Ask HN: How can I get started with programming? - FalconNine
I asked a question a few weeks ago about the best language to start with programming, and someone suggested to instead come up with a project and learn what I need to complete it. So I&#x27;d like to try to create a text adventure, something like Zork. What advice do you have?
======
Jtsummers
There are a number of good languages for this. Python is probably the most
mainstream. I'll recommend it or other languages with a REPL [0]. The reason
being, you can write your code in your .py (or whatever language) file, load
it into the REPL and test out bits of it very quickly:

    
    
      > game.move(north)
      You can't, the door is shut.
      > game.look()
      You're standing on a path.
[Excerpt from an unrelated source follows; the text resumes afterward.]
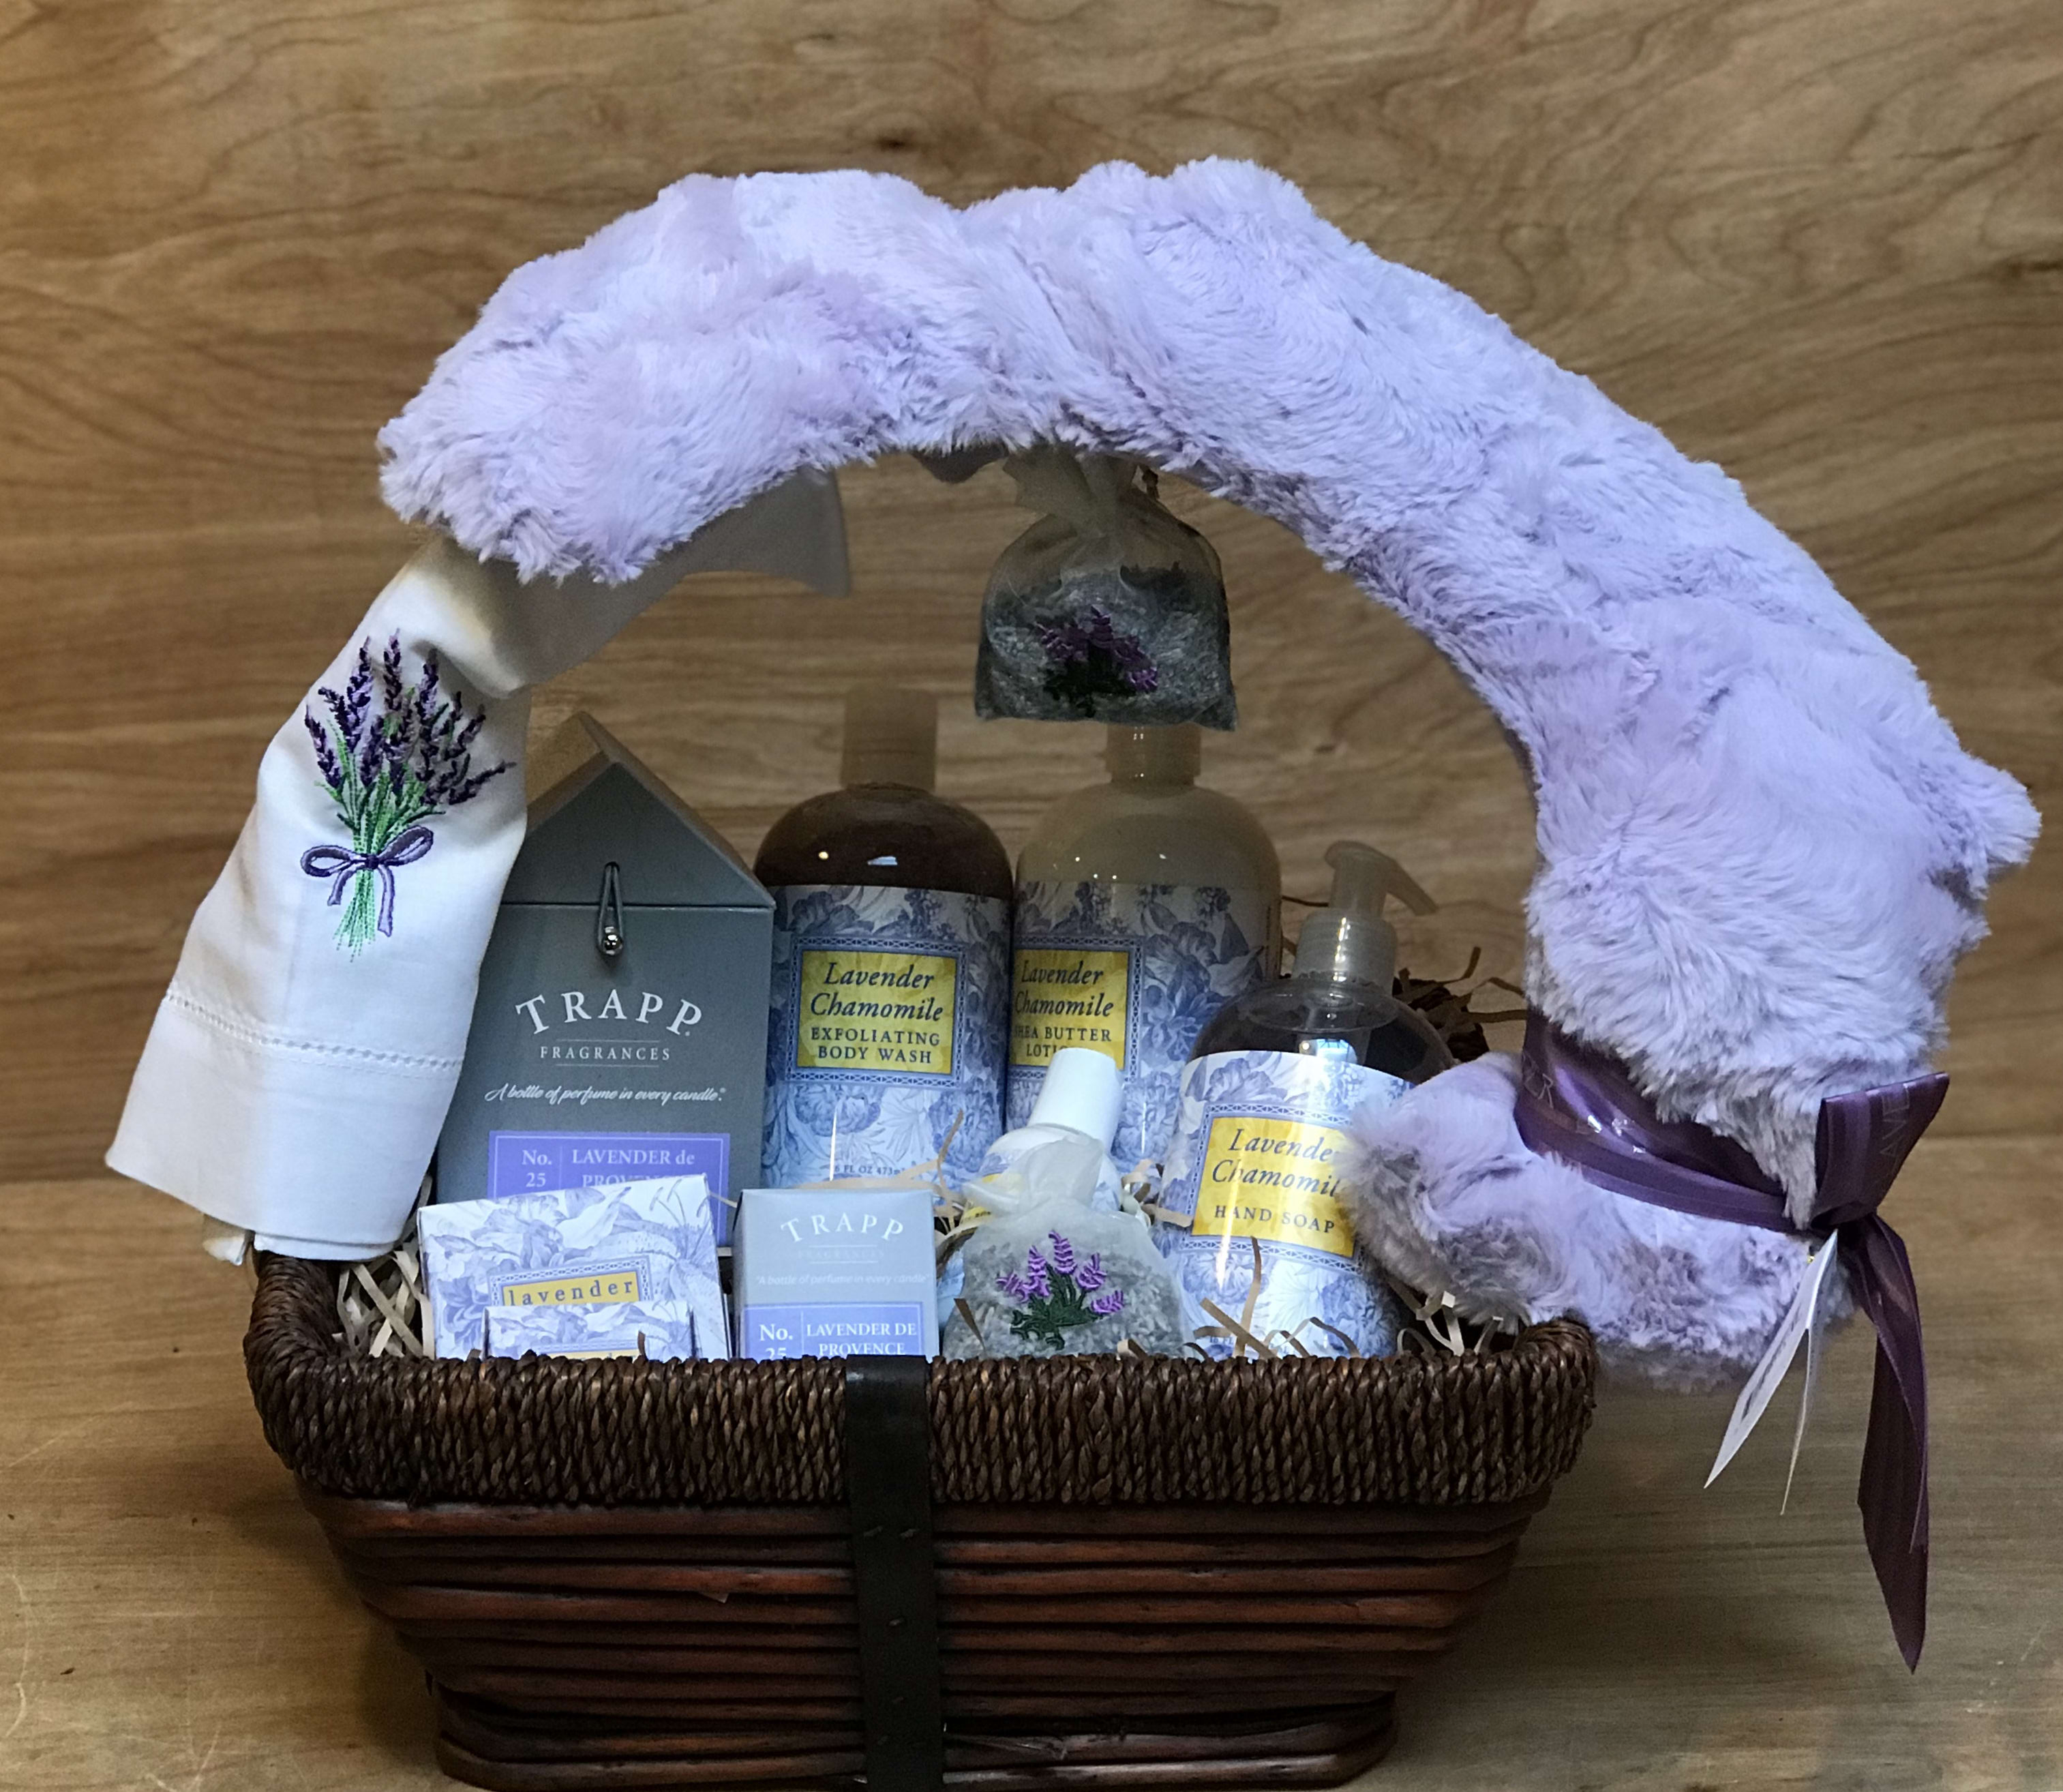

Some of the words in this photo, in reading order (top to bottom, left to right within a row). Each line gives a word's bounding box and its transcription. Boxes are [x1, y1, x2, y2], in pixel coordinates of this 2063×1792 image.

There's a house to the
      north. A mailbox is present. The path continues south,
      into the woods.
    

You don't have to deal with everything from the start, in particular you don't
have to get the parser working to try out the functional elements of the game.
It's really nice for exploratory programming.

Also, take a look at Inform [1]. It's a language/engine designed for text
adventures. It's not exactly a standard looking language, as it's _very_
domain specific, but it may give you some ideas for the things your game
engine will need to track, and ideas for how to structure things.

[0] REPL: Read-eval-print-loop. This describes the process of the interactive
environment that's paired with the language. It reads what you've sent it,
evaluates it, prints the output, and repeats.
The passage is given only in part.